=== EXERCISE INPUTS ===
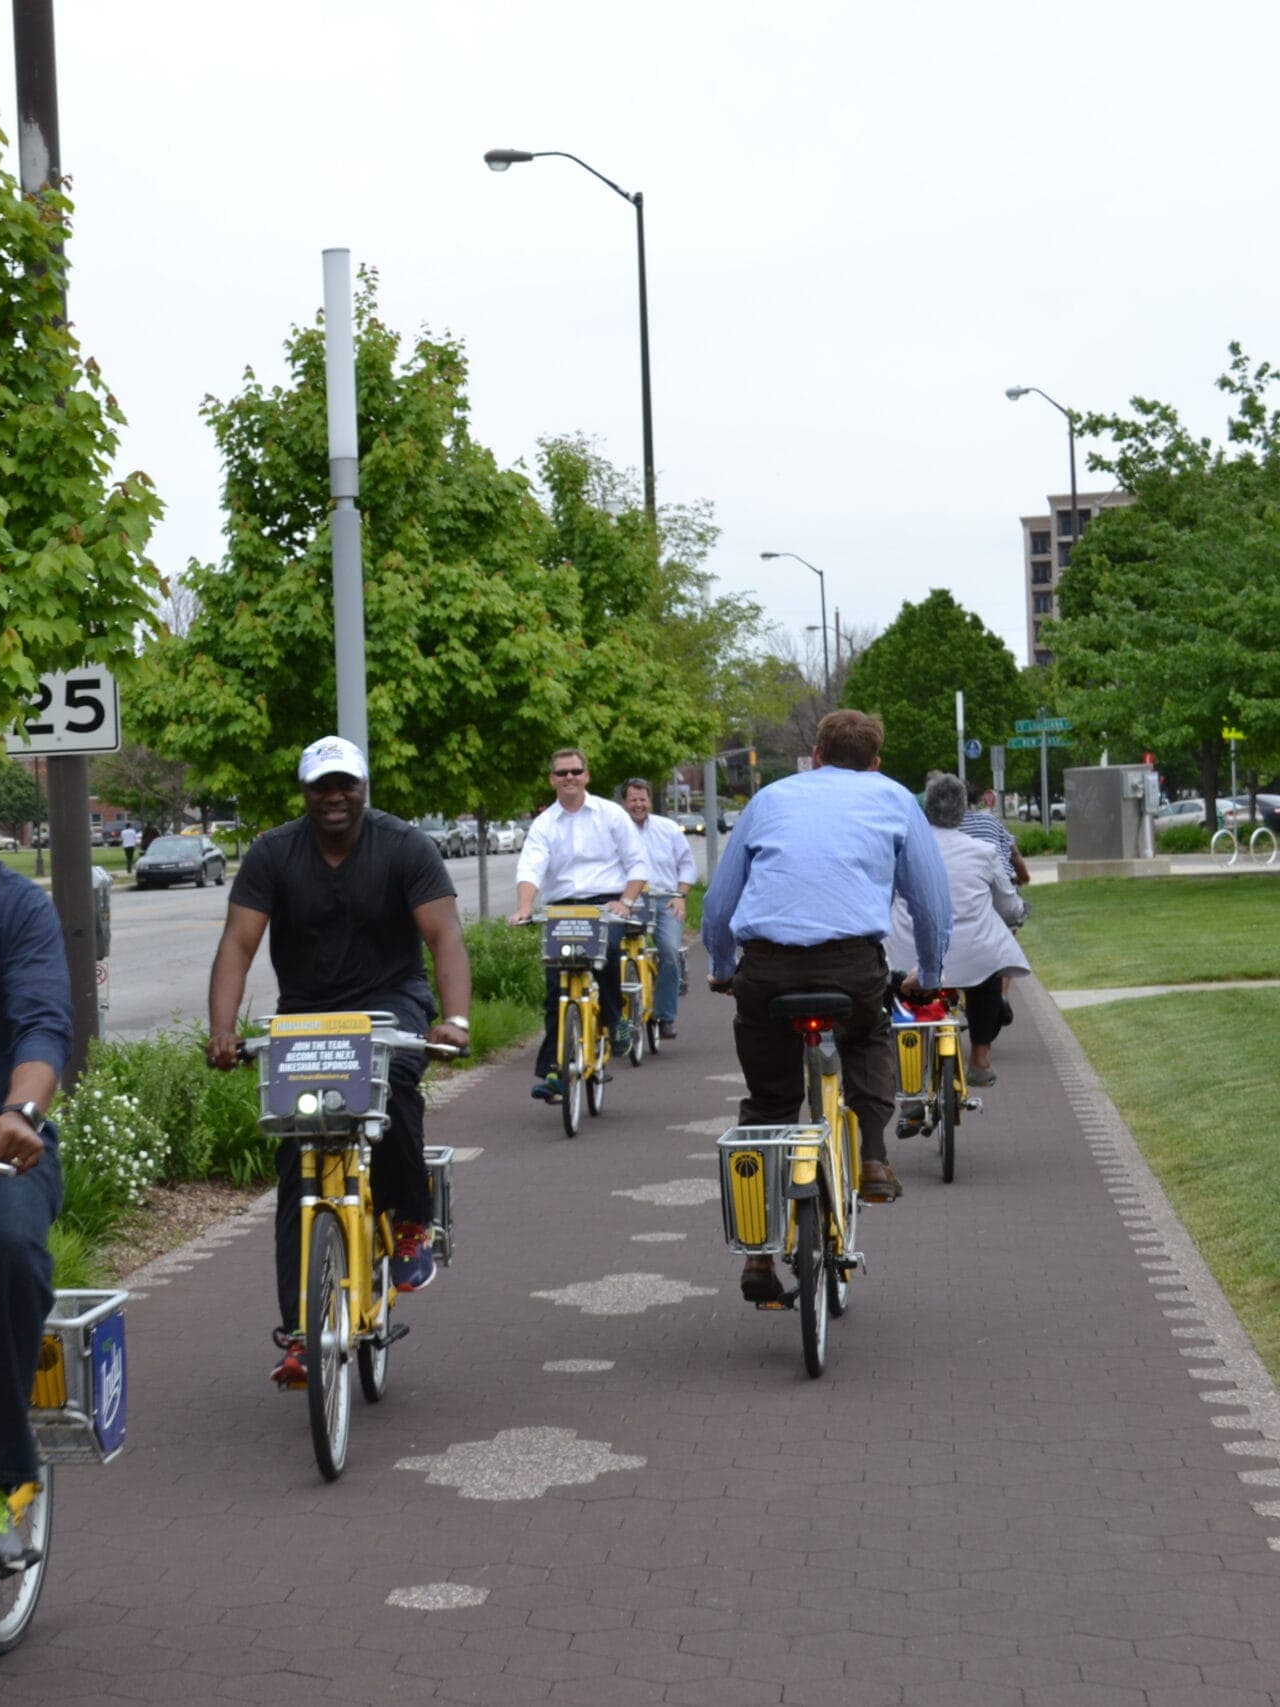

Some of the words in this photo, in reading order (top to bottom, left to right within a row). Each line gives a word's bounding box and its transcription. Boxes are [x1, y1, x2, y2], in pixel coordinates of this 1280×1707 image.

[14, 679, 105, 735] 25
[312, 1040, 326, 1050] THE
[285, 1051, 318, 1062] BECOME
[319, 1051, 334, 1060] THE
[335, 1050, 356, 1060] NEXT
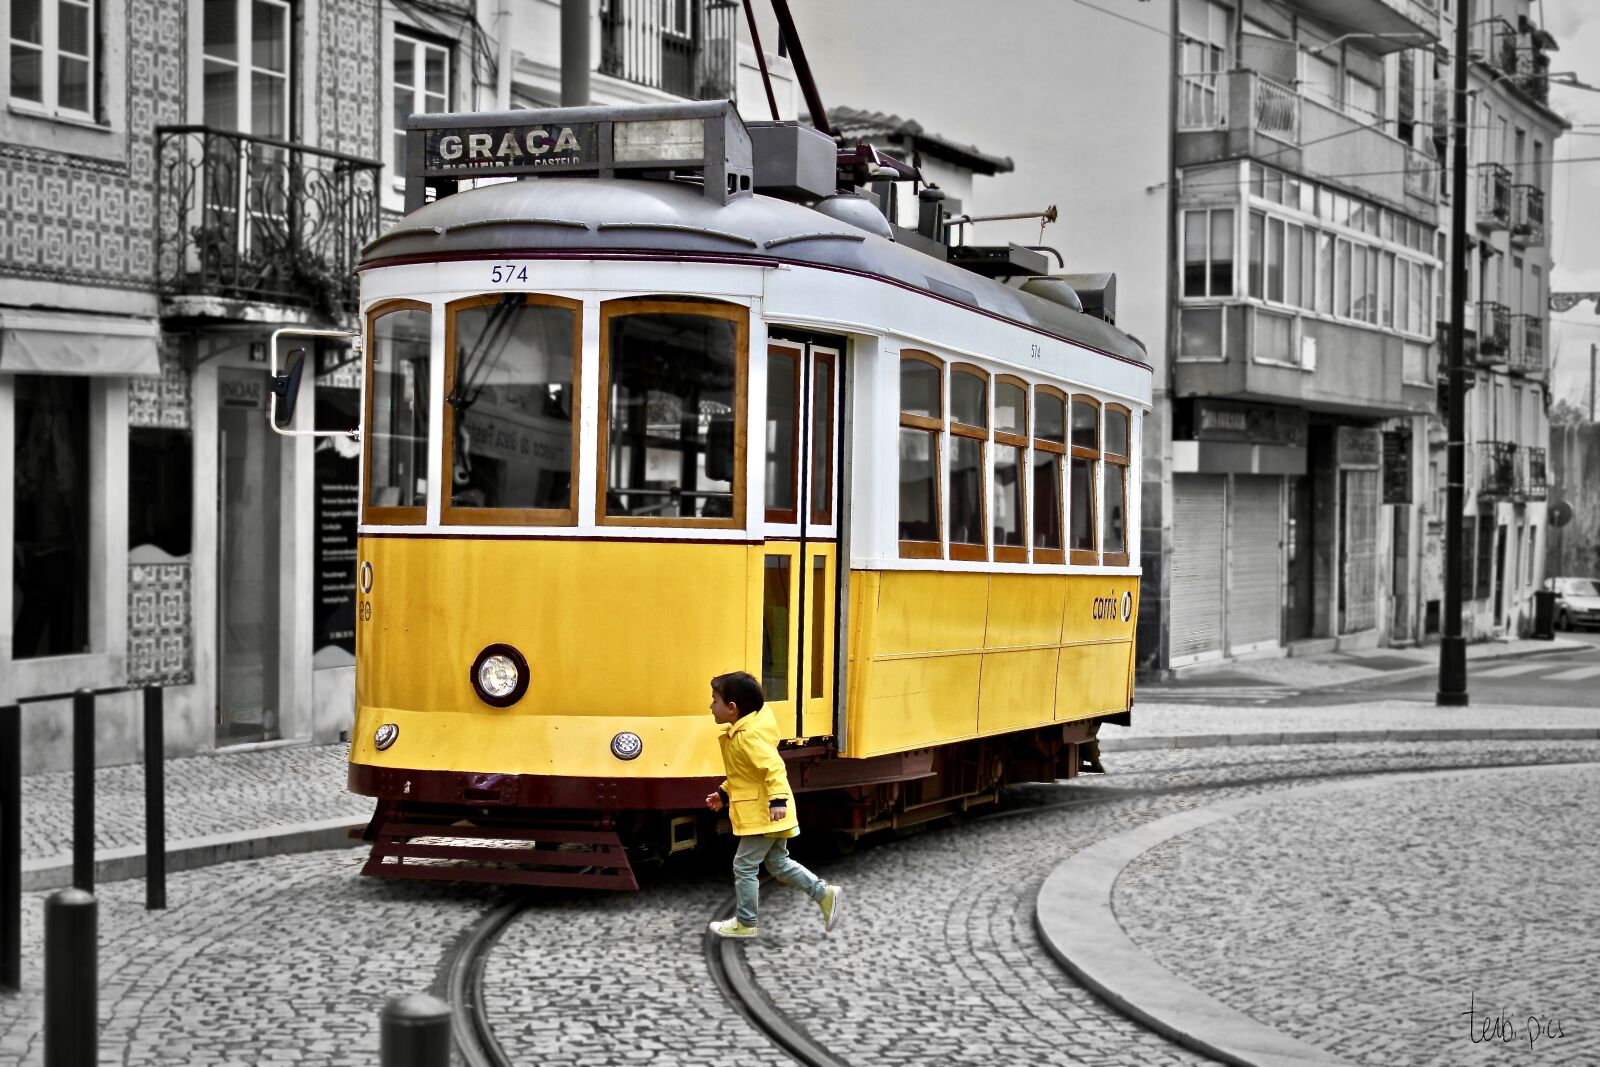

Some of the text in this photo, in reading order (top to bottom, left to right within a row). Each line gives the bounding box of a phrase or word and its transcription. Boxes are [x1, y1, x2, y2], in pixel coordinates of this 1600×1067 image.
===
WORK REQUEST: Transcribe all the lines above exactly; any image among them is skipped.

WORKED SOLUTION:
Some of the words in this photo, in reading order (top to bottom, left to right within a row). Each line gives a word's bounding box and its transcription. Boxes are [x1, y1, x2, y2], in pixel coordinates of this 1280×1707 image.

[14, 679, 105, 735] 25
[312, 1040, 326, 1050] THE
[285, 1051, 318, 1062] BECOME
[319, 1051, 334, 1060] THE
[335, 1050, 356, 1060] NEXT

Some of the text in this photo, in reading order (top to bottom, left to right within a row). Each line gives the bounding box of a phrase or word and its transcription. Boxes are [x1, y1, x2, y2], in pixel coordinates of this 1600×1067 image.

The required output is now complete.